What is being asked: For the records that follow, restate each one word for word and leave the images behind.

*** Begin section ***

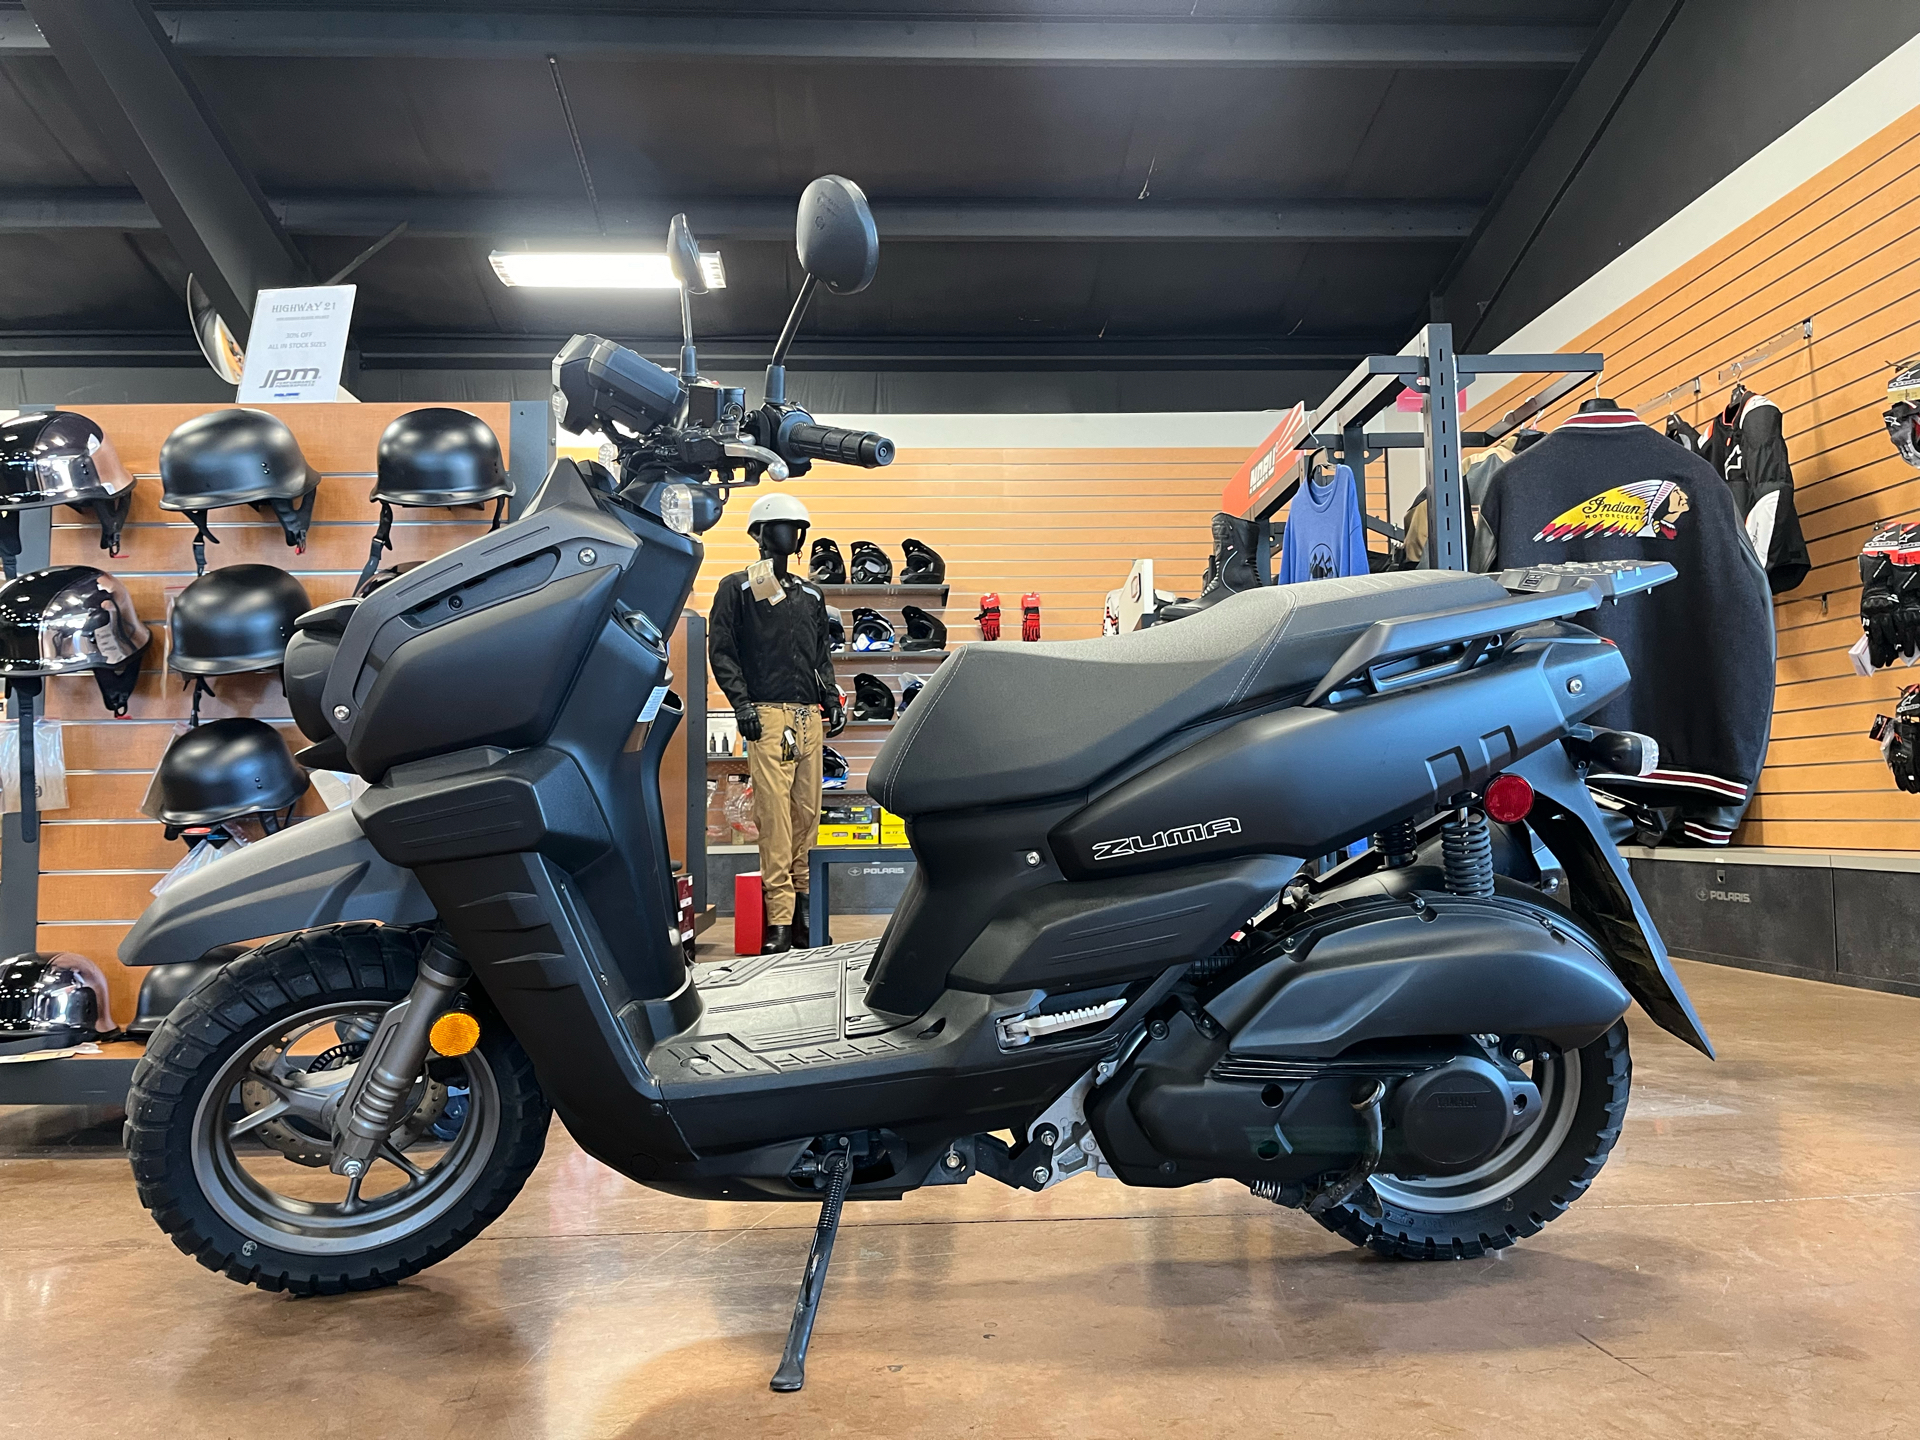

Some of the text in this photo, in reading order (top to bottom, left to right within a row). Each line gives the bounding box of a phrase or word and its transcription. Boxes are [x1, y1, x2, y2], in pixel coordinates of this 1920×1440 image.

[272, 302, 336, 313] HIGHWAY 21
[1582, 496, 1641, 514] Indian
[1092, 817, 1242, 860] ZUMA
[863, 867, 905, 875] POLARIS
[1710, 890, 1750, 903] POLARIS

*** End section ***

Answer section:
Some of the text in this photo, in reading order (top to bottom, left to right within a row). Each line gives the bounding box of a phrase or word and its transcription. Boxes are [x1, y1, x2, y2], in pixel coordinates of this 1920×1440 image.

[272, 302, 336, 313] HIGHWAY 21
[1582, 496, 1641, 514] Indian
[1092, 817, 1242, 860] ZUMA
[863, 867, 905, 875] POLARIS
[1710, 890, 1750, 903] POLARIS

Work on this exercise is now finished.